Is Bauer like other Rating Agencies I read about (like Moody's and Standard and Poor's)?

Bauer’s Star-Ratings are not the same as Standard and Poor’s or Moody’s.   BauerFinancial’s star-ratings are geared toward depositors whereas S&P, Moody’s and Fitch rate investment offerings. BauerFinancial rates the strength of the bank or credit union as a whole. If you are looking for a Letter of Credit or Bank Guarantee, as a general guideline, Bauer’s ratings can be likened to the others as:

BauerFinancial           Moody's              Standard & Poor / Fitch

5-Stars                            Aaa                                    AAA

4-Stars                    Aa1, Aa2, Aa3                    AA+, AA, AA-

3½-Stars                     A1, A2, A3                           A+, A , A-

3-Stars                 Baa1, Baa2, Baa3                BBB+, BBB, BBB-

2-Stars                   Ba1, Ba2, Ba3                       BB+, BB, BB-

1-Star                        B1, B2, B3                            B+, B, B-

Zero-Stars                  Caa, Ca, C                        CCC, CC, C, D


How can I file a Complaint about my Financial Institution?

We do a lot of things here at BauerFinancial, but since we are a private research firm, and not a government agency, fielding complaints about financial institutions is not really one of them. However, we know that sometimes things do happen and in that regrettable event, you need to know to whom you can turn for help. To that end, we are providing this guide.If you think your financial institution: 

  • has been unfair or misleading,
  • discriminated against you in lending,
  • violated a federal consumer protection law or regulation, or
  • if you have any other dispute

with a bank or credit union, you will want to contact the entity that supervises or regulates that institution. Knowing what entity that is (or are), though, can be a challenge, to say the least.
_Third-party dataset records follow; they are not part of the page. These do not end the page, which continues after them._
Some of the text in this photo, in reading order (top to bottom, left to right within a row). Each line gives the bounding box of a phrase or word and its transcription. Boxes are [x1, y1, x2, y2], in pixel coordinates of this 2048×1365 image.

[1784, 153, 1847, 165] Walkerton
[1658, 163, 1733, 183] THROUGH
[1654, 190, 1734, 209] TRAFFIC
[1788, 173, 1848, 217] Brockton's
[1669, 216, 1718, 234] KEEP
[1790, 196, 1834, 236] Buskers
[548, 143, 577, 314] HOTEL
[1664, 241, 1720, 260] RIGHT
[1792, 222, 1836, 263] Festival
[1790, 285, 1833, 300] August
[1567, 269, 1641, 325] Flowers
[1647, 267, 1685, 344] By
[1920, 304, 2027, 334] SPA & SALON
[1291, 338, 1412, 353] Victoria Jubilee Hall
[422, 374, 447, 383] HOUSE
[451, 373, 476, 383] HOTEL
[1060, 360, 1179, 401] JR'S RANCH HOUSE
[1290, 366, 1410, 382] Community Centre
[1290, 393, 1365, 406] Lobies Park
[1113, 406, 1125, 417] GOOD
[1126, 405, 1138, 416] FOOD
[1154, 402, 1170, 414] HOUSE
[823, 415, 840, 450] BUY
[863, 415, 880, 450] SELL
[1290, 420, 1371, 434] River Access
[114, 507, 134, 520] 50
The following table should serve as a guide, but bear in mind, you do not have to limit yourself to one agency:

Federal Deposit Insurance Corporation  

In addition to insuring all banks, the FDIC supervises State-chartered banks that are NOT members of the Federal Reserve System.

877.275.3342 (877-ASKFDIC)

Hearing Impaired 800.925.4618

Office of the Comptroller of the Currency

Or OCC, is the primary regulator for National Banks and Federal Savings Associations.


TTY 800.877.8339

Federal Reserve

The Federal Reserve supervises State-chartered banks that are members of the Federal Reserve System.


TTY 877.766.8533

National Credit Union Administration

Or NCUA supervises and regulates all Federal Credit Unions.


Consumer Financial Protection Bureau

The CFPB is the secondary regulator for all of the aforementioned and in addition to taking your complaints, it offers a wide variety of help on money topics.


Each State

In addition to the Federal Regulator, State-chartered banks and credit unions are all regulated by the Department of Financial Institutions for their state. You can find the state regulatory agencies by doing an internet search on “department of banking” or “department of financial institutions” + the “state” name.